→ About this exercise
Print again, word for word, all of the records below, and leave the pictures out.

Records drawn from a dataset:
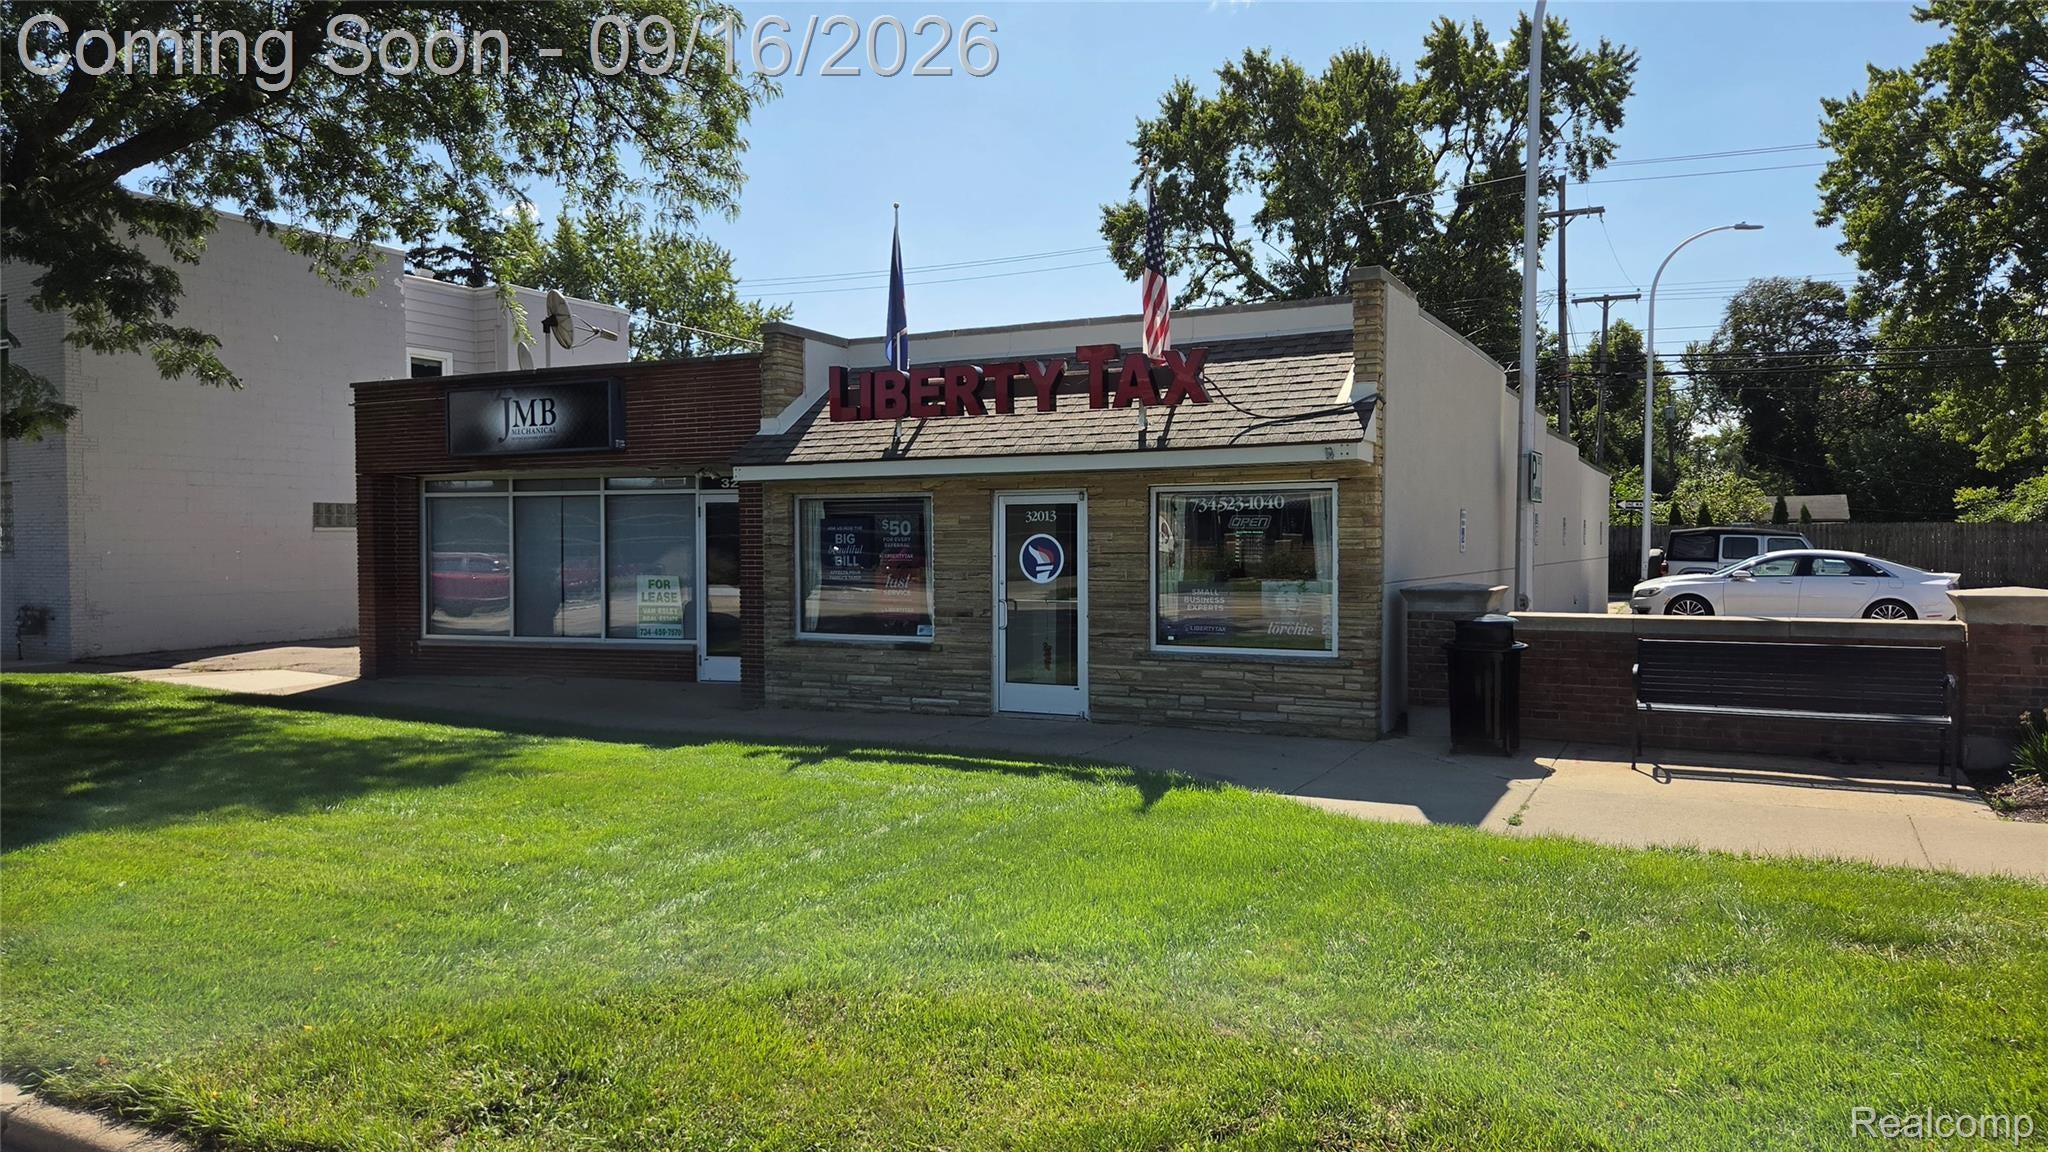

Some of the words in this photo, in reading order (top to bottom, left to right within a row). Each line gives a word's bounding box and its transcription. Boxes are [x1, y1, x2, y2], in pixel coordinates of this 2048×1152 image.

[829, 357, 1067, 422] LIBERTY
[1076, 343, 1214, 410] TAX
[497, 397, 558, 443] JMB
[511, 426, 557, 436] MECHANICAL
[1025, 509, 1057, 524] 32013
[1231, 516, 1269, 527] OPEN
[881, 519, 912, 537] $50
[835, 533, 856, 545] BIG
[834, 556, 860, 567] BILL
[648, 579, 671, 590] FOR
[641, 591, 678, 603] LEASE
[1191, 588, 1220, 596] SMALL
[1183, 596, 1225, 604] BUSINESS
[1186, 604, 1224, 612] EXPERTS
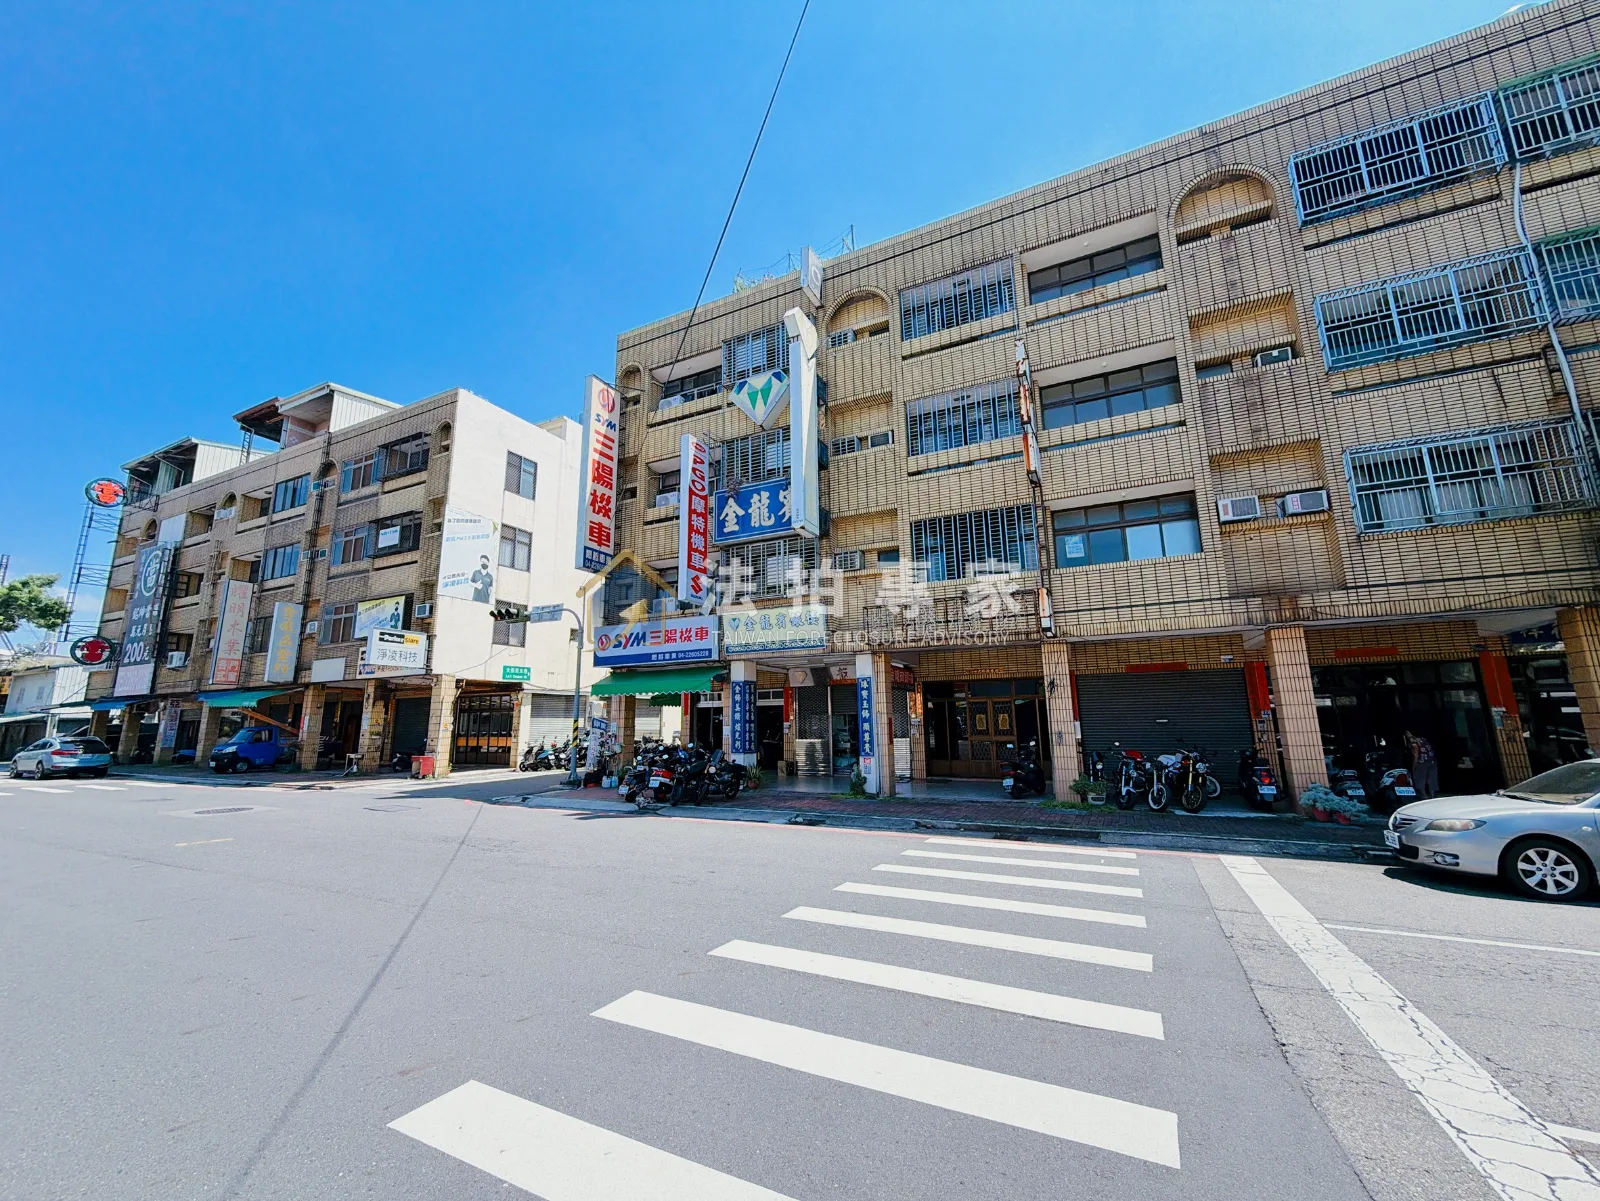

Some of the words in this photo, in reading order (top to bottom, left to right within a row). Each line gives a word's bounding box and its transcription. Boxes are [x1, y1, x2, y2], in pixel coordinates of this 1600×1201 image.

[595, 413, 616, 432] SYM
[588, 429, 615, 548] 三陽機車
[690, 495, 706, 570] 摩特機車
[613, 631, 646, 650] SYM
[649, 626, 709, 646] 三陽機車
[123, 641, 150, 664] 200元
[376, 648, 418, 663] 淨凌科技
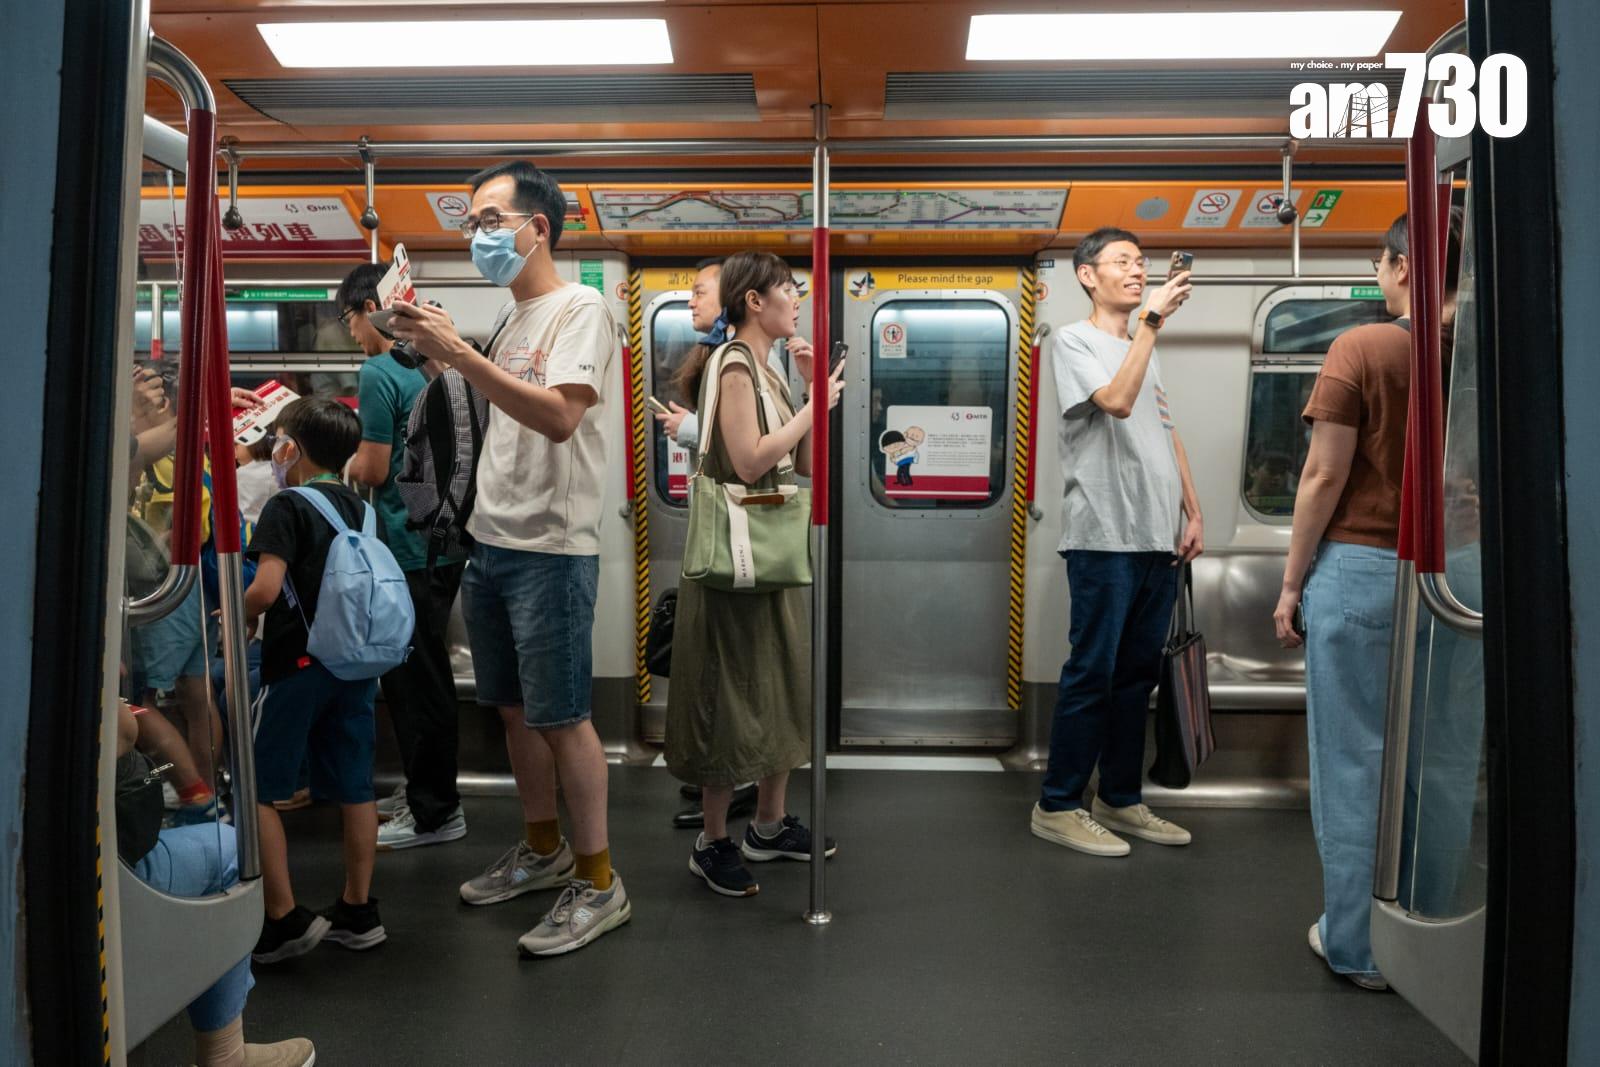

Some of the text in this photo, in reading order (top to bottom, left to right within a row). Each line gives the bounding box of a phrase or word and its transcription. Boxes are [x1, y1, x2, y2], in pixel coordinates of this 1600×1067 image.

→ Result below
Some of the words in this photo, in reading order (top to bottom, left to right within a row). Each line gives a word's bounding box and its transcription. Boxes are [x1, y1, x2, y2], in pixel coordinates of this 2048×1152 image.

[829, 357, 1067, 422] LIBERTY
[1076, 343, 1214, 410] TAX
[497, 397, 558, 443] JMB
[511, 426, 557, 436] MECHANICAL
[1025, 509, 1057, 524] 32013
[1231, 516, 1269, 527] OPEN
[881, 519, 912, 537] $50
[835, 533, 856, 545] BIG
[834, 556, 860, 567] BILL
[648, 579, 671, 590] FOR
[641, 591, 678, 603] LEASE
[1191, 588, 1220, 596] SMALL
[1183, 596, 1225, 604] BUSINESS
[1186, 604, 1224, 612] EXPERTS

Some of the words in this photo, in reading order (top to bottom, left to right within a row). Each line gives a word's bounding box and its transcription. Boxes are [x1, y1, x2, y2], in pixel coordinates of this 1600×1201 image.

[595, 413, 616, 432] SYM
[588, 429, 615, 548] 三陽機車
[690, 495, 706, 570] 摩特機車
[613, 631, 646, 650] SYM
[649, 626, 709, 646] 三陽機車
[123, 641, 150, 664] 200元
[376, 648, 418, 663] 淨凌科技

Some of the text in this photo, in reading order (top to bottom, left to right within a row). Each line gives the bounding box of a phrase or word and its transcription. Boxes are [x1, y1, x2, y2], in pixel coordinates of this 1600×1067 image.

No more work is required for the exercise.